“Child’s Play” (2019) actually surprised me by being a little more ambitious and well rounded than the typical reboot of an 80’s slasher franchise. Screenwriter Tyler Burton Smith tries to present audiences with a fresh, updated horror film with funny, engaging, likable characters. And he mostly succeeds — it helps that the cast is roundly quite good in their roles. (The voice of Chucky is none other than Mark Hamill.) There is some discomfiting dark humor here, too, that makes for some great, guilty fun.
But this “Child’s Play” is doomed to suffer in comparison to the 1988 original. The very first “Child’s Play” was a particularly scary film, even if its sequels were much less so; I remember people screaming in the theater when I saw it with my high school friends. This new movie doesn’t come close to matching it in that manner.
Smith’s update abandons the admittedly campy premise of the original, in which a serial killer employs voodoo to transfer his soul into an interactive doll. Smith gives us something that is more plausible — a malfunctioning A.I. that turns homicidal partly because its programming leads it to.

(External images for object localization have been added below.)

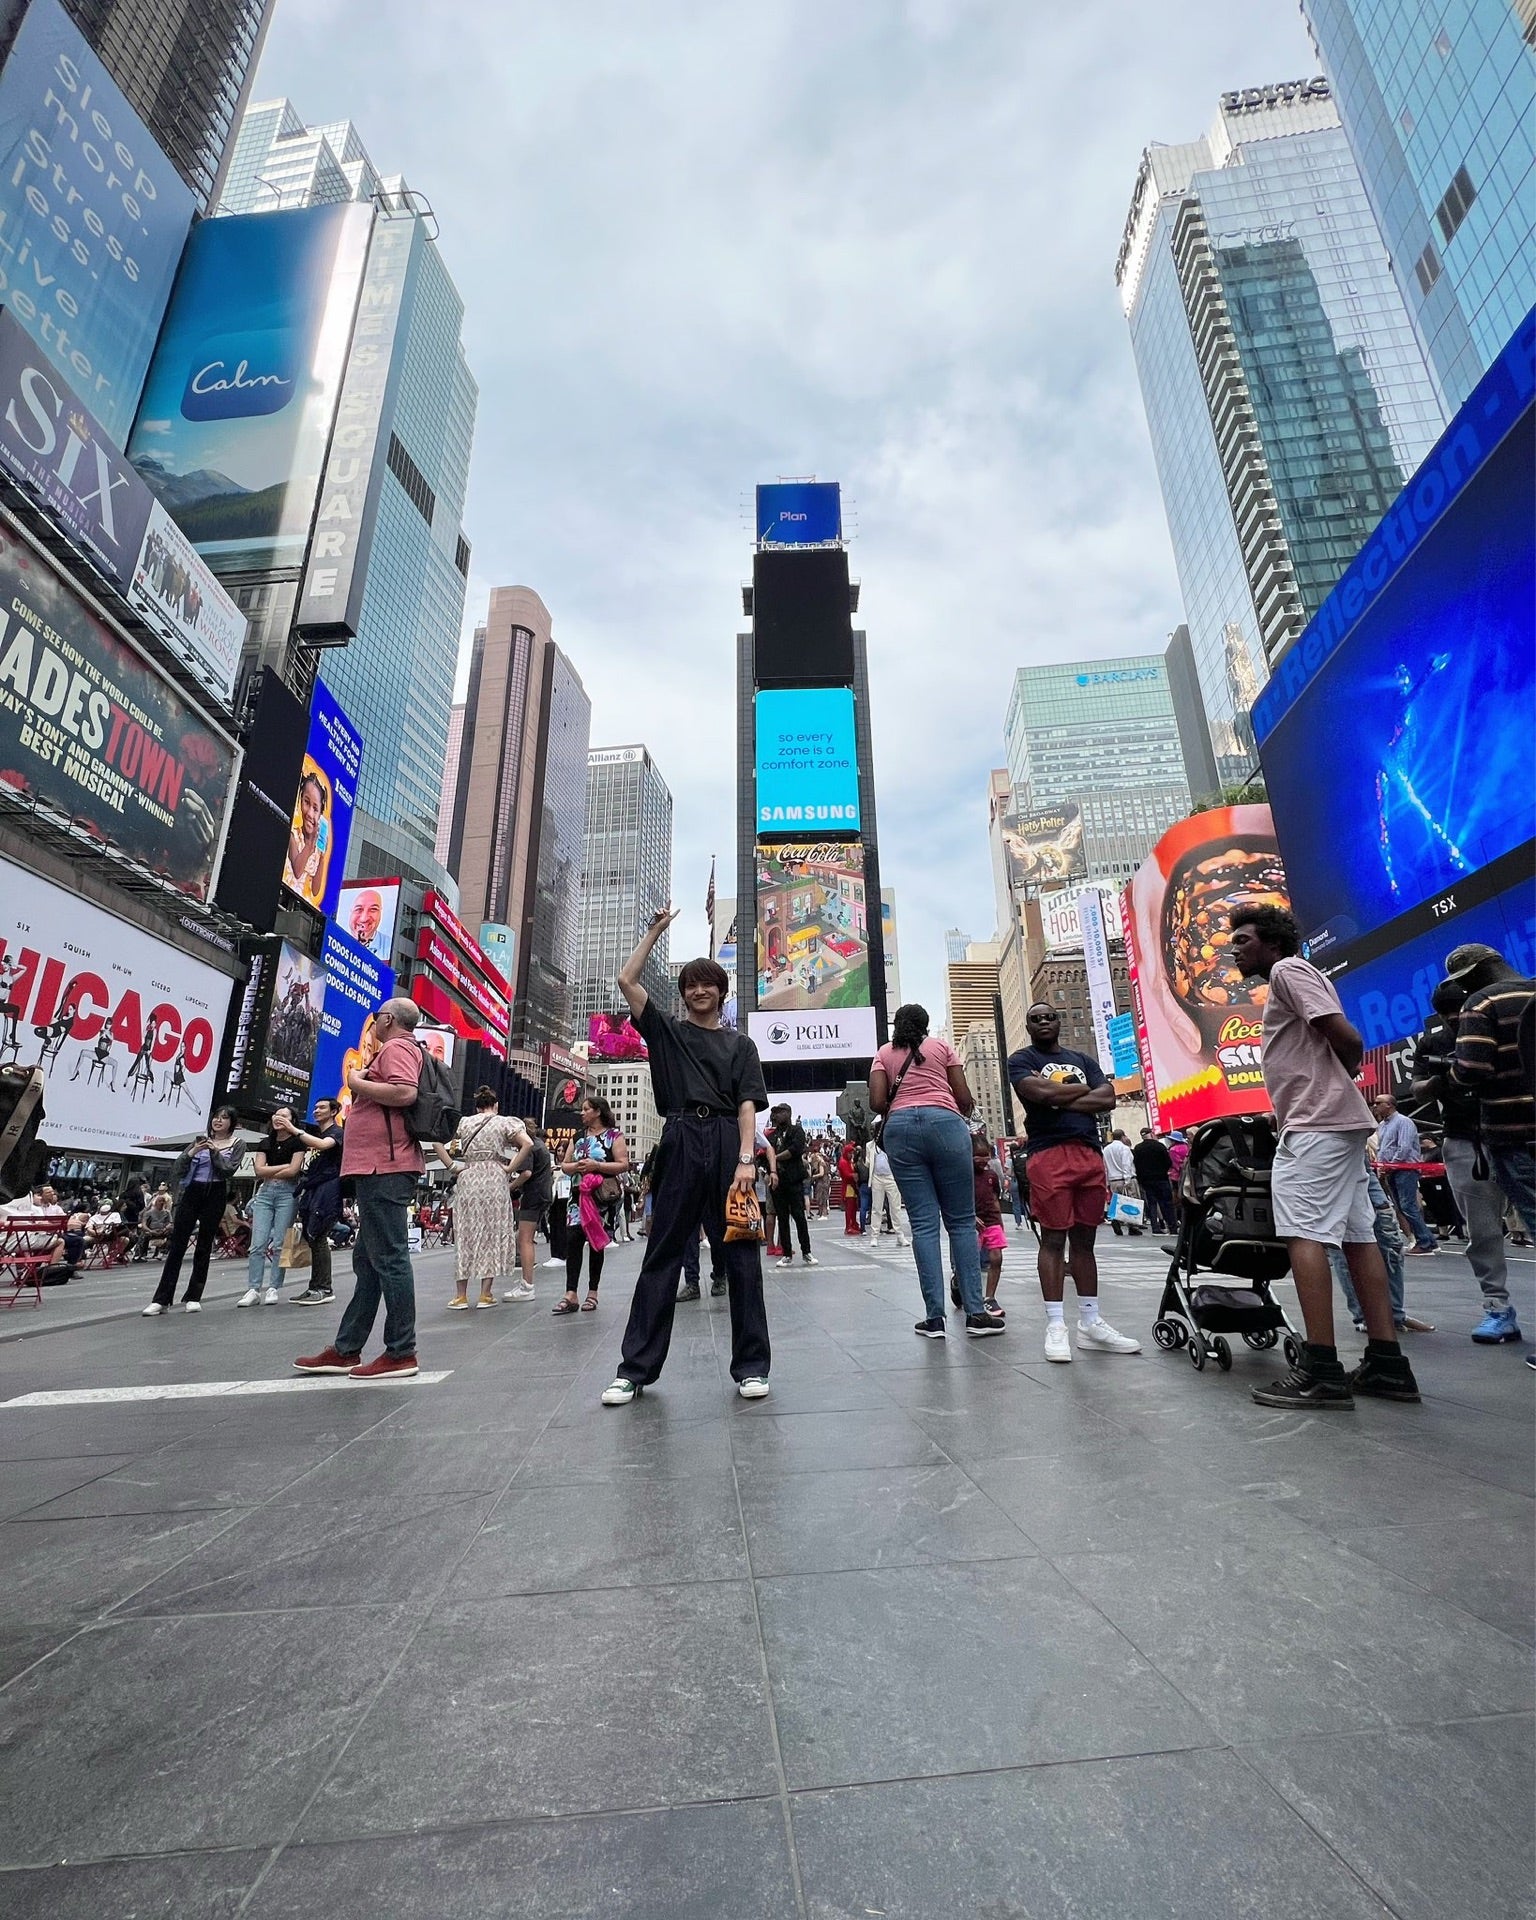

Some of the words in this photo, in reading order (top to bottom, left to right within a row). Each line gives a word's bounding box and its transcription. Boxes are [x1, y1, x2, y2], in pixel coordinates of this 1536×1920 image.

[54, 54, 157, 200] Sleep
[44, 88, 148, 236] more.
[12, 157, 98, 280] less.
[24, 129, 140, 282] Stress
[352, 228, 401, 367] TIMES
[191, 360, 290, 394] Calm
[6, 367, 129, 546] SIX
[32, 459, 53, 487] THE
[54, 486, 96, 536] MUSICAL
[309, 391, 377, 597] SQUARE
[779, 511, 808, 522] Plan
[1274, 421, 1484, 702] Reflection
[199, 618, 236, 671] WRONG
[11, 597, 44, 633] COME
[43, 624, 64, 648] SEE
[61, 639, 85, 669] HOW
[84, 661, 102, 686] THE
[101, 676, 131, 709] WORLD
[129, 702, 154, 732] COULD
[152, 723, 165, 743] BE.
[1091, 668, 1159, 686] BARCLAYS
[0, 607, 185, 812] ADESTOWN
[68, 740, 91, 766] AND
[318, 710, 345, 748] HEALTHY
[342, 744, 359, 769] FOOD
[327, 737, 348, 767] EVERY
[345, 761, 358, 780] DAY
[333, 716, 352, 744] EVERY
[351, 740, 361, 758] KID
[588, 753, 621, 763] Allianz
[778, 734, 793, 743] so
[796, 733, 833, 743] every
[778, 747, 810, 756] zone
[813, 745, 823, 755] is
[826, 747, 835, 755] a
[19, 724, 65, 767] BEST
[62, 757, 126, 815] MUSICAL
[761, 758, 815, 771] comfort
[817, 758, 852, 770] zone.
[760, 804, 857, 821] SAMSUNG
[1017, 820, 1040, 836] Harry
[1040, 816, 1065, 831] Potter
[1432, 895, 1457, 917] TSX
[17, 921, 31, 933] SIX
[63, 941, 91, 958] SQUISH
[327, 935, 350, 960] TODOS
[349, 952, 362, 969] LOS
[361, 961, 379, 982] NIÑOS
[324, 953, 350, 979] COMIDA
[350, 970, 383, 1001] SALUDABLE
[326, 972, 345, 993] ODOS
[344, 985, 357, 1001] LOS
[356, 993, 371, 1010] DÍAS
[0, 937, 214, 1074] HICAGO
[322, 1011, 332, 1025] NO
[331, 1015, 342, 1029] KID
[796, 1024, 840, 1041] PGIM
[1140, 1038, 1151, 1070] FREE

His take is interesting … Chucky is even a little sympathetic at first — he’s a childlike, vaguely cute robot, and his mischievous young owner is at least partly responsible for his early, less frightening transgressions.
This all works on a certain level. It’s smarter than its 80’s source material. It might have been gold if it had been fleshed out by a science fiction screenwriting master like Charlie Brooker, of “Black Mirror” fame. Or, better yet, why not the writers for HBO’s brilliant “Westworld,” which proceeds from essentially the same basic story concept?

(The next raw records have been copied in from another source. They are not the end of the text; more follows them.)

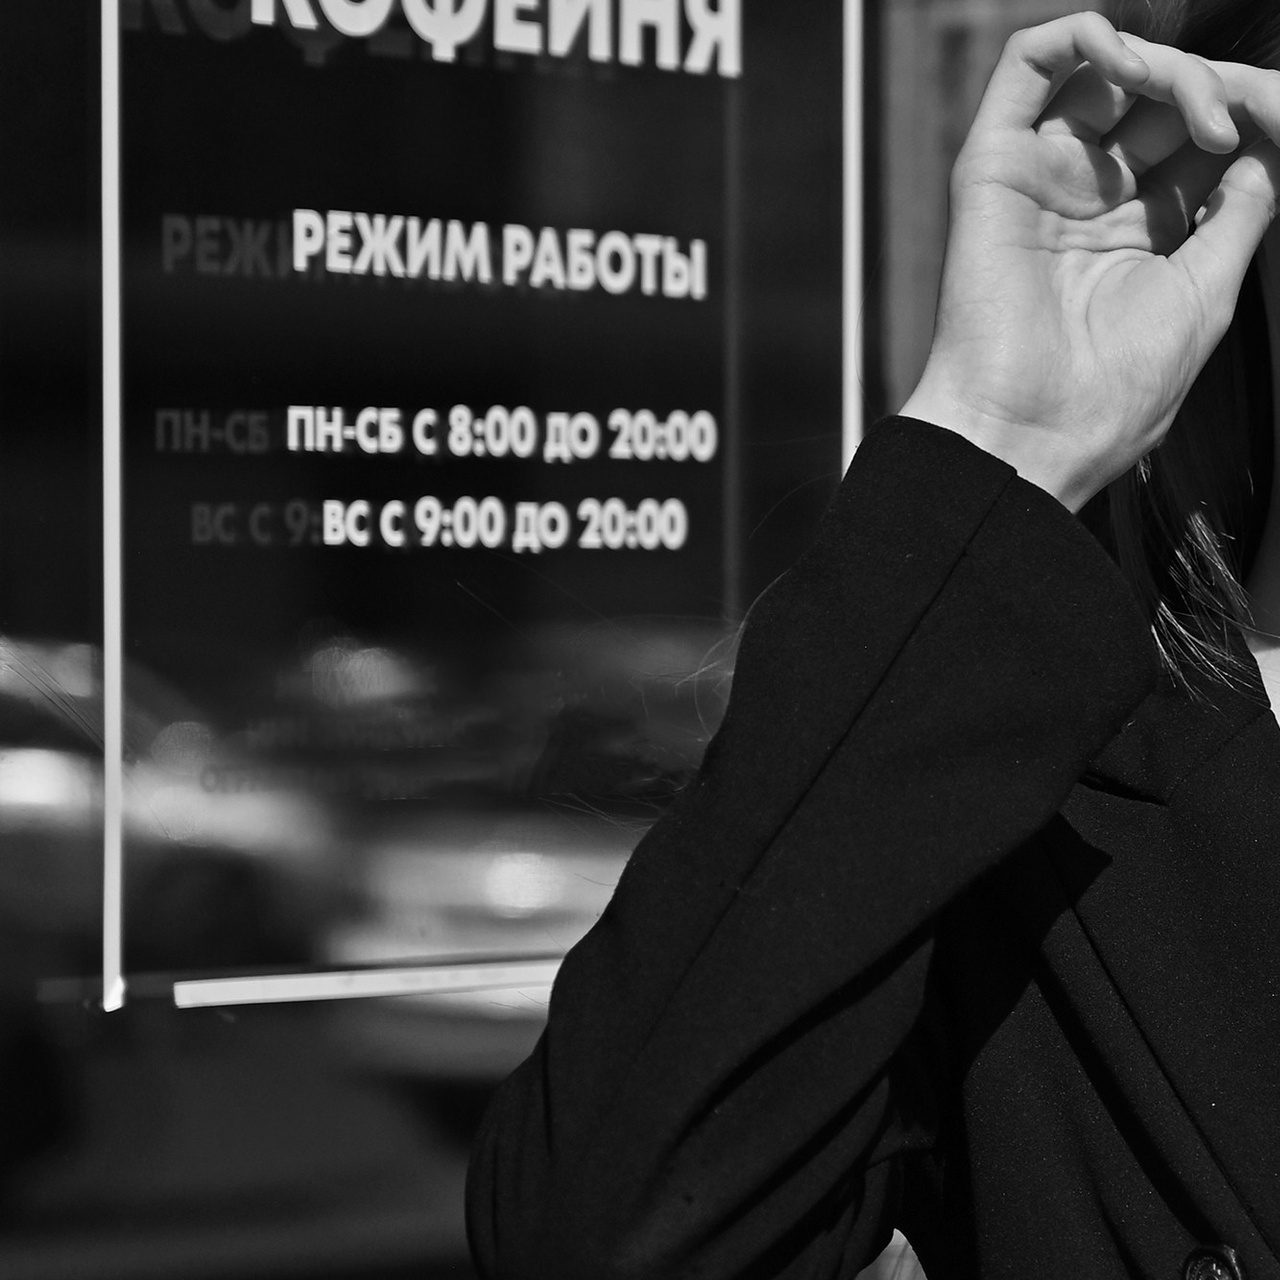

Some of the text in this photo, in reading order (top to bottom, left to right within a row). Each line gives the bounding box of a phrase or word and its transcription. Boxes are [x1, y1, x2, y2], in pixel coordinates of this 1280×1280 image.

[292, 208, 708, 301] РЕЖИМ РАБОТЫ
[287, 404, 719, 464] ПН-СБ С 8:00 ДО 20:00
[322, 499, 371, 547] ВС
[379, 499, 406, 547] С
[414, 495, 507, 549] 9:00
[512, 501, 570, 554] ДО
[577, 497, 688, 550] 20:00
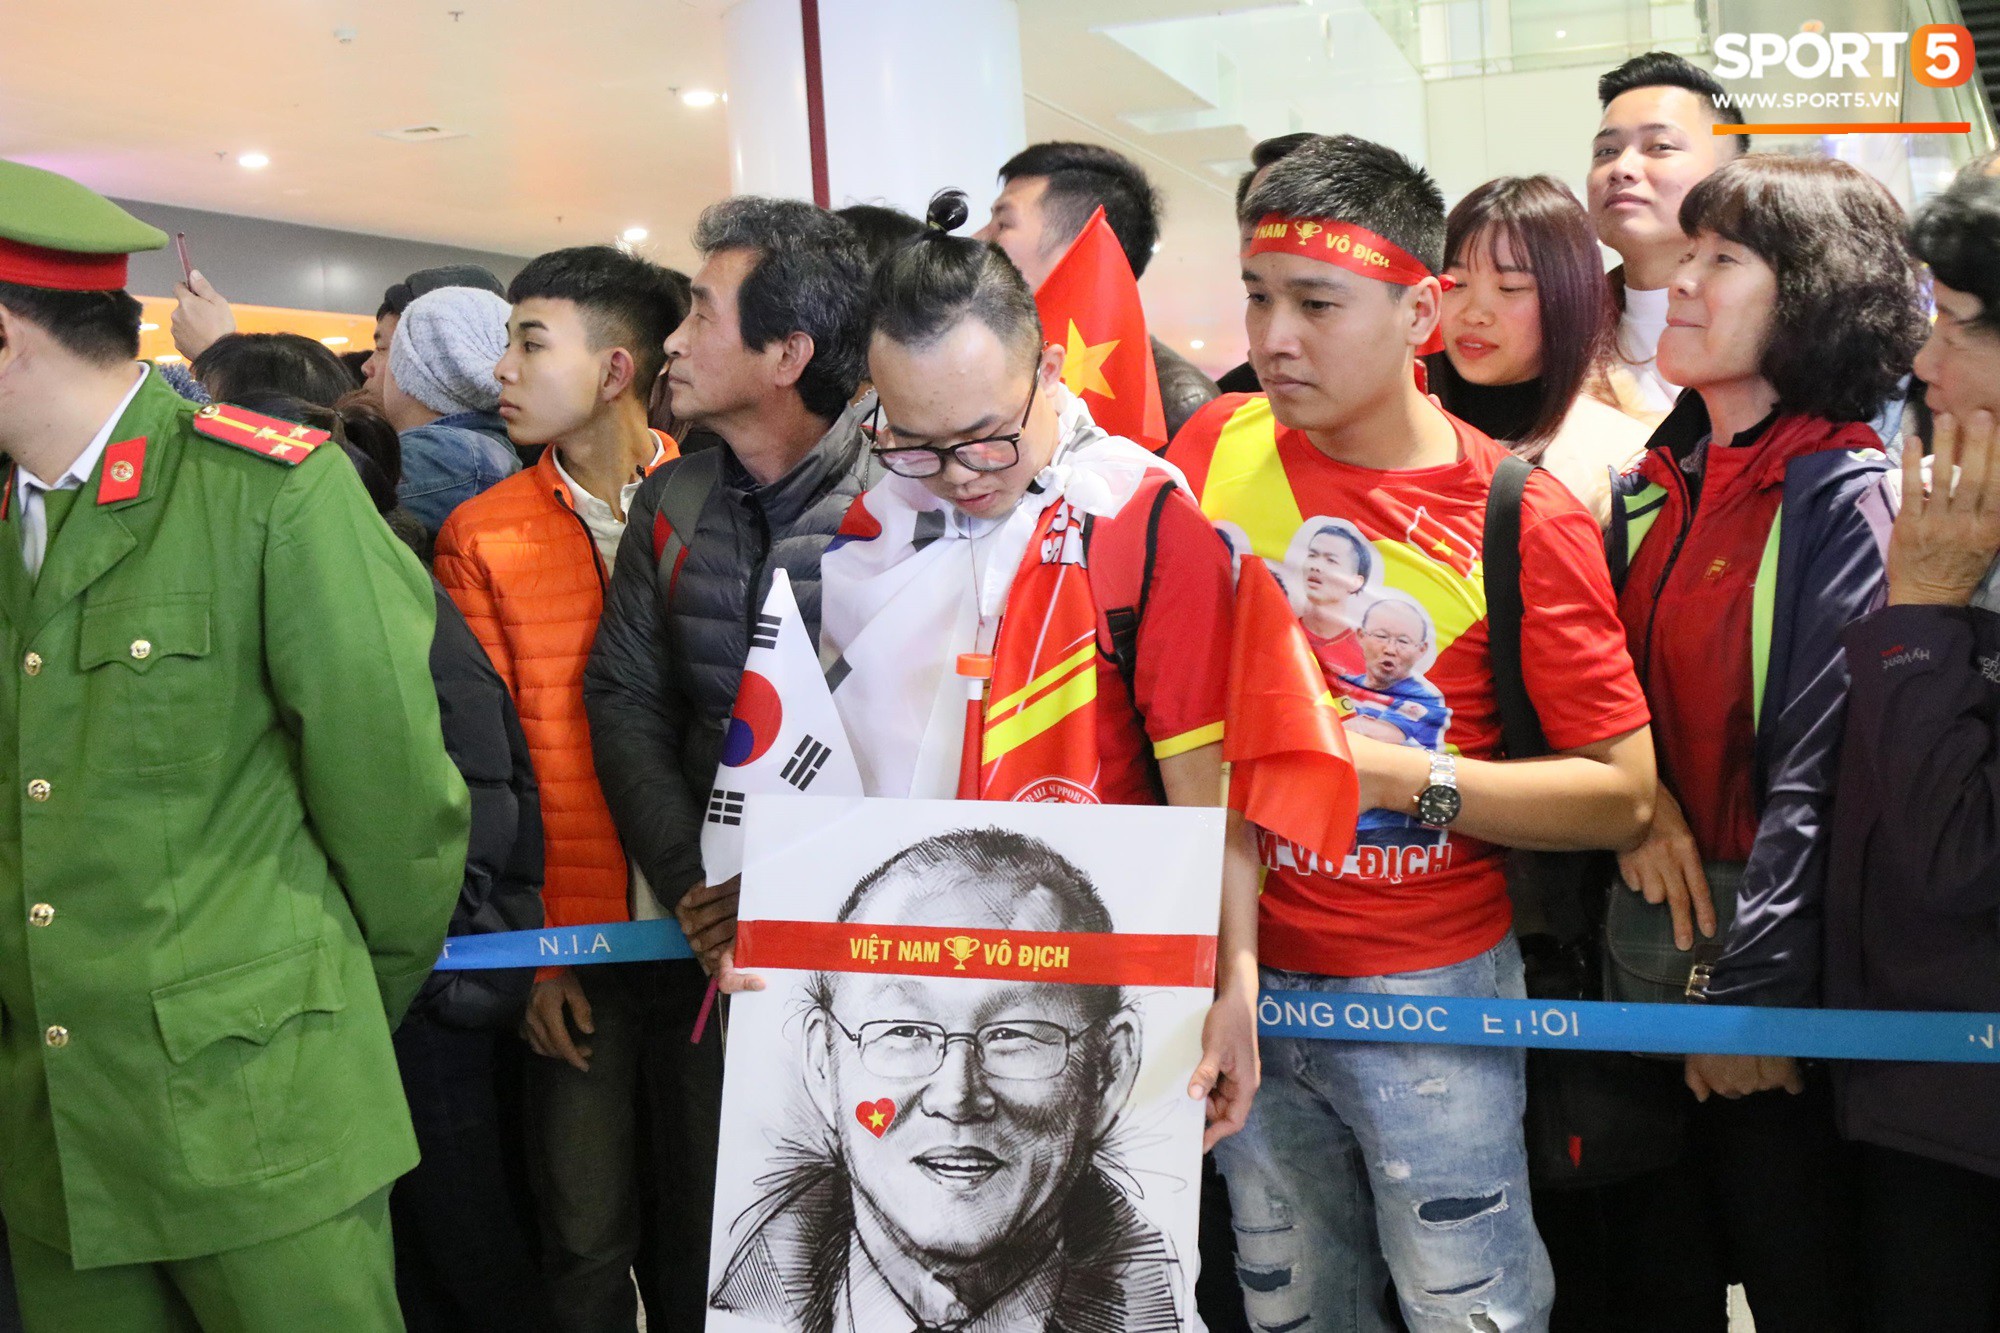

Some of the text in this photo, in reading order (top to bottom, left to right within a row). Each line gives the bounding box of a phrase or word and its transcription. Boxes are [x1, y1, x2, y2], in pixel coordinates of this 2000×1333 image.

Alas, we can’t have our cake and eat it too, at least in this case. The new Chucky is a more intelligent story concept but a less menacing bogeyman. He just can’t hold a candle to the voodoo-infused, sociopathic demon-doll voiced by the legendary Brad Dourif so long ago. The new “Child’s Play” isn’t quite scary enough for our expectations, and that’s a serious criticism for a horror movie.
All things considered, I’d rate this a 7 out of 10.